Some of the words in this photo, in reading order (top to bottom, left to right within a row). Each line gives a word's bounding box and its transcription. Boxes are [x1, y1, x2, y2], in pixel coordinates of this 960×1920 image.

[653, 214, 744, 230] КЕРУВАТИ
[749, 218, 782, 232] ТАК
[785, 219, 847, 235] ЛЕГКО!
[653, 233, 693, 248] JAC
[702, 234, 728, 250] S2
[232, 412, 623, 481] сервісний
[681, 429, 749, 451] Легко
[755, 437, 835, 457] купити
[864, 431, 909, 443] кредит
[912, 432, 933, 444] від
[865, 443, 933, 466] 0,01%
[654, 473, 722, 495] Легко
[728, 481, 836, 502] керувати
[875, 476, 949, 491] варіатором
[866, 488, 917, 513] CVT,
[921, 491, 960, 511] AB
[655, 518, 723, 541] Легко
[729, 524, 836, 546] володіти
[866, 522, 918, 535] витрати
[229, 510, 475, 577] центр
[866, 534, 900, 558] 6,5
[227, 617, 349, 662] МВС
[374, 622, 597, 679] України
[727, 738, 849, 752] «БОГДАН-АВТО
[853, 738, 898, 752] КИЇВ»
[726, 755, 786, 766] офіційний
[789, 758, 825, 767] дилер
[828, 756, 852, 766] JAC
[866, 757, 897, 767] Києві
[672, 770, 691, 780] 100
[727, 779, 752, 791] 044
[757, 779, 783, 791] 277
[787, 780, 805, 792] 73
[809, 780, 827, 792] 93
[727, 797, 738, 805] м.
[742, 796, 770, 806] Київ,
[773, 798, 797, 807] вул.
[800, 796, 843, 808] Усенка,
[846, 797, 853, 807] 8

--

* HOW TO COMPLETE THIS TASK:
Exactly as written, restate every line of the listing above.

* EXERCISE RESULT:
Some of the words in this photo, in reading order (top to bottom, left to right within a row). Each line gives a word's bounding box and its transcription. Boxes are [x1, y1, x2, y2], in pixel coordinates of this 960×1920 image.

[653, 214, 744, 230] КЕРУВАТИ
[749, 218, 782, 232] ТАК
[785, 219, 847, 235] ЛЕГКО!
[653, 233, 693, 248] JAC
[702, 234, 728, 250] S2
[232, 412, 623, 481] сервісний
[681, 429, 749, 451] Легко
[755, 437, 835, 457] купити
[864, 431, 909, 443] кредит
[912, 432, 933, 444] від
[865, 443, 933, 466] 0,01%
[654, 473, 722, 495] Легко
[728, 481, 836, 502] керувати
[875, 476, 949, 491] варіатором
[866, 488, 917, 513] CVT,
[921, 491, 960, 511] AB
[655, 518, 723, 541] Легко
[729, 524, 836, 546] володіти
[866, 522, 918, 535] витрати
[229, 510, 475, 577] центр
[866, 534, 900, 558] 6,5
[227, 617, 349, 662] МВС
[374, 622, 597, 679] України
[727, 738, 849, 752] «БОГДАН-АВТО
[853, 738, 898, 752] КИЇВ»
[726, 755, 786, 766] офіційний
[789, 758, 825, 767] дилер
[828, 756, 852, 766] JAC
[866, 757, 897, 767] Києві
[672, 770, 691, 780] 100
[727, 779, 752, 791] 044
[757, 779, 783, 791] 277
[787, 780, 805, 792] 73
[809, 780, 827, 792] 93
[727, 797, 738, 805] м.
[742, 796, 770, 806] Київ,
[773, 798, 797, 807] вул.
[800, 796, 843, 808] Усенка,
[846, 797, 853, 807] 8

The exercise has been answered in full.